Product & Application Security Manager

The Position:
Seeking a Product & Application Security Manager to build and scale our secure development, product assurance, and software supply-chain security capabilities. This role is essential to ensuring firmware, applications, and supporting platforms are designed, tested, and delivered with security embedded throughout their lifecycle.

You will lead application and firmware security, software assurance, offensive testing, secure development practices, and supplier risk management. The ideal candidate pairs deep technical expertise with the leadership needed to influence engineers, developers, and partners toward strong, future-ready security standards.

This role is for someone who thrives in complex environments, enjoys solving difficult security challenges, and is motivated by building programs that scale.

Key Responsibilities

Secure Development & DevSecOps
Integrate modern security controls and hardening into every phase of the development lifecycle across applications, firmware, hardware and cloud-connected platforms.
Establish secure coding standards, automated testing requirements, and continuous security validation across CI/CD pipelines, embedded firmware, and hardware.
Lead security design reviews, threat modeling, architecture assessments, and code-level analysis.
Partner with engineering to ensure new features and updates are built securely and consistently.

Offensive Security & Product Assurance
Oversee internal and external penetration testing and teardowns for products, applications, firmware, and supporting components.
Lead product vulnerability identification, triage, remediation, and customer-facing security assurance activities.
Validate security controls through adversarial simulations, red/purple team exercises, and product-level security testing.
Manage product vulnerability disclosure processes in coordination with legal and compliance.

Software & Hardware Supply Chain Security
Lead supplier and third-party security evaluations across hardware, firmware, software, and cloud services.
Own SBOM/HBOM programs, ensuring material transparency, integrity, and continuous monitoring of third-party components.
Define and enforce security requirements within vendor onboarding, procurement, and contract processes.
Track emerging vulnerabilities in dependencies and coordinate timely mitigation efforts across engineering teams.

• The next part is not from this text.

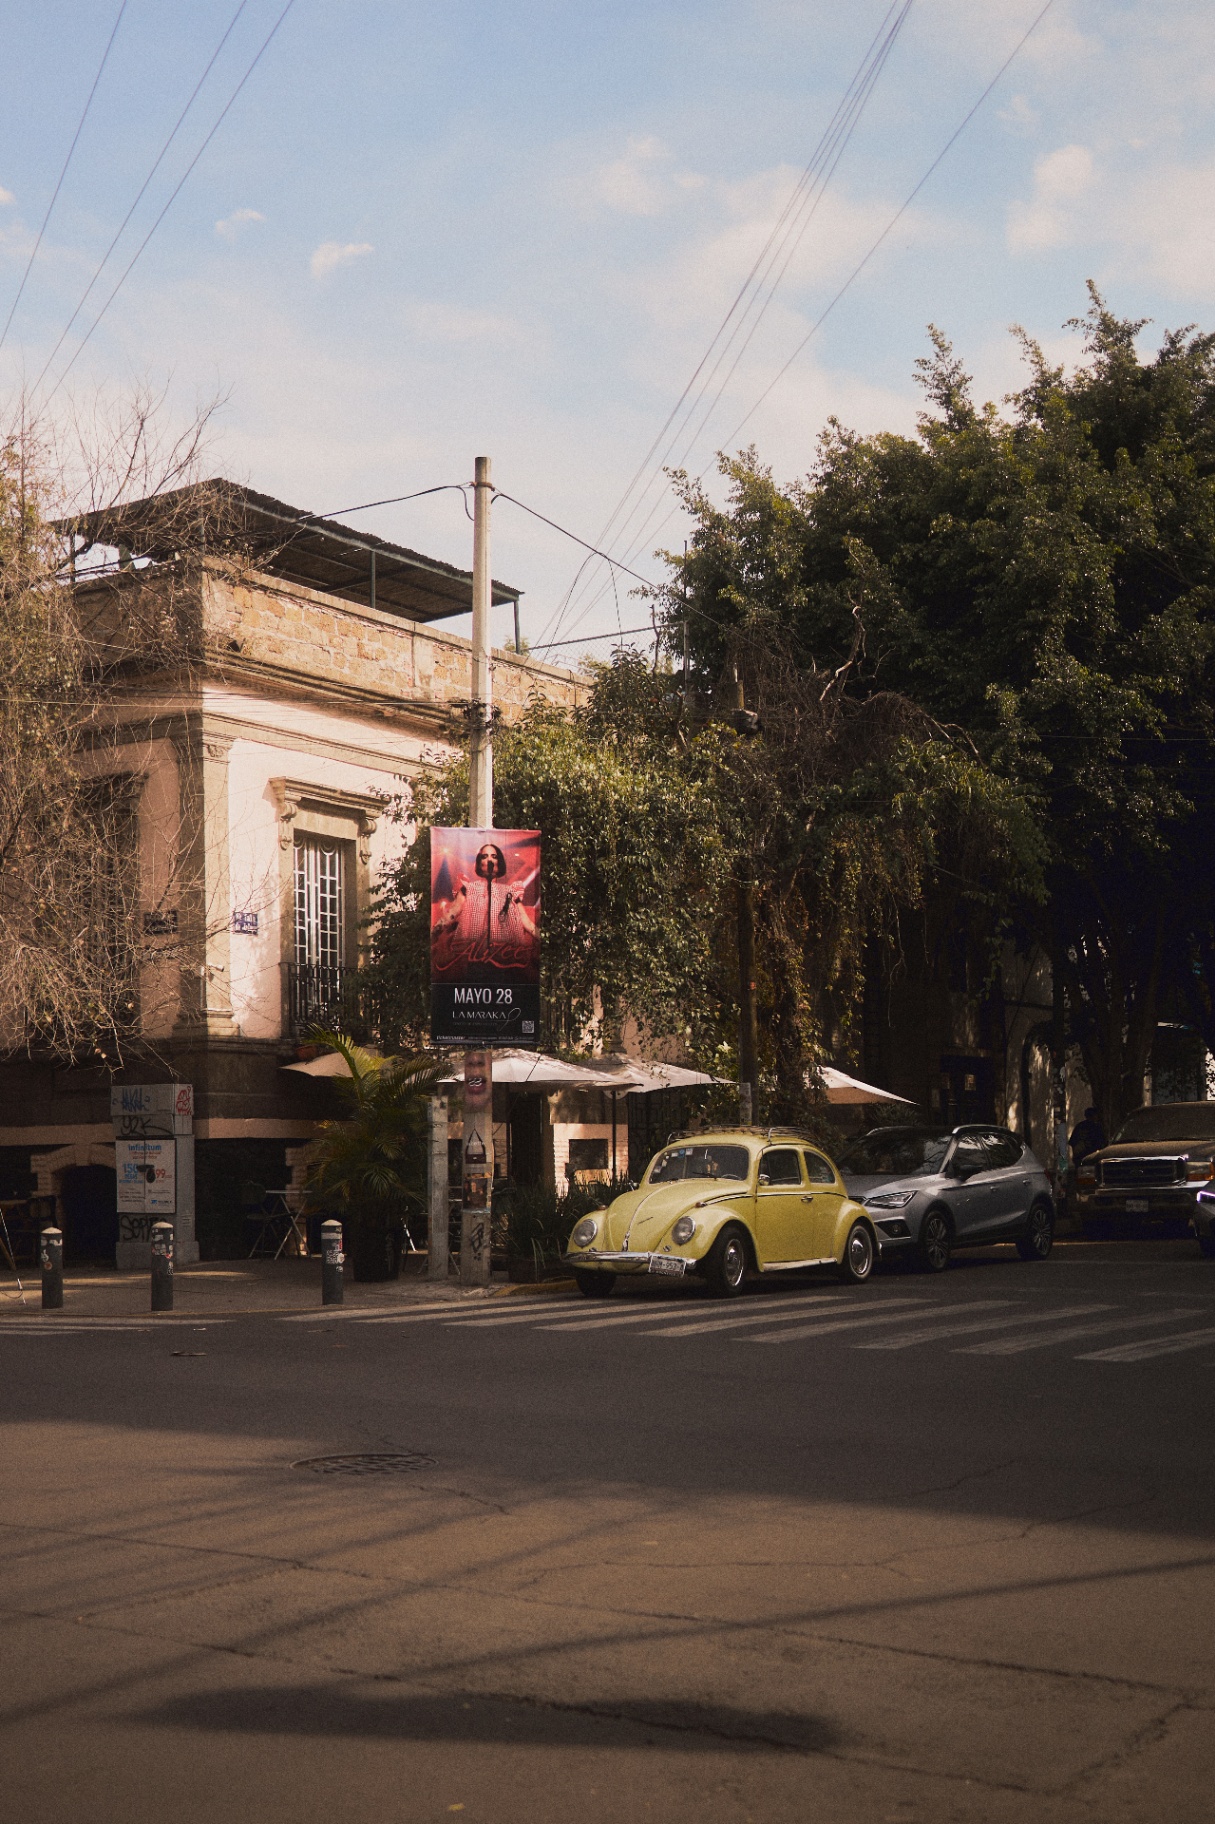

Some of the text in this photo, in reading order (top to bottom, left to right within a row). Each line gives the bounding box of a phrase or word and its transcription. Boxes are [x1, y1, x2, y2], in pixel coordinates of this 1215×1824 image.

[454, 987, 513, 1004] MAYO 28
[128, 1143, 162, 1151] infinitum

Collaboration & Engagement
Partner with the Information Security Manager to align product security with enterprise risk, governance, and compliance frameworks (ISO 27001, SOC 2, NIST, SLSA, NERC CIP, OWASP, SANS. Etc..).
Collaborate with R&D, engineering, and IT/OT teams to embed product security into roadmaps, design decisions, and operational practices.
Support customer, partner, and regulatory engagements as the subject-matter expert for product and supply-chain security.
Build strong relationships across global and cross-regional engineering teams, navigating time zones and cultural differences effectively.

Requirements
10-12+ years of experience in product security, application security, embedded/firmware security, or DevSecOps.
Strong knowledge of secure coding, application security testing, firmware/embedded security fundamentals, and offensive testing methodologies.
Experience building or leading secure development programs or product assurance functions.
Practical experience with SBOMs, dependency management, software supply-chain security, and disclosure processes.
Familiarity with global security standards and regulations relevant to product and critical infrastructure environments.
Excellent communication skills and the ability to influence engineers, technical leaders, executives, customers, and suppliers.

Preferred
Bachelor s or Master s degree in Computer Science, Cybersecurity, Electrical/Computer Engineering, or related field.
Professional certifications such as CSSLP, OSWE, GICSP, or similar.
Experience with SBOM/HBOM lifecycle management, coordinated vulnerability disclosure, and modern DevSecOps ecosystems.
Background in energy, renewables, industrial control systems, or other critical infrastructure sectors.
Veterans are strongly encouraged to apply

Competencies
Strategic thinker: Connects product security to customer trust, business value, and long-term resilience.
Technical authority: Deep expertise in application security, offensive testing, firmware fundamentals, and secure development.
Supply chain awareness: Understands the risks and complexities of modern software and hardware ecosystems.
Collaborative leader: Effective at partnering across engineering, compliance, procurement, and operational teams.
Pragmatic problem-solver: Delivers scalable, realistic solutions without impairing innovation or delivery velocity.
Global partner: Comfortable collaborating with distributed engineering teams and working across time zones.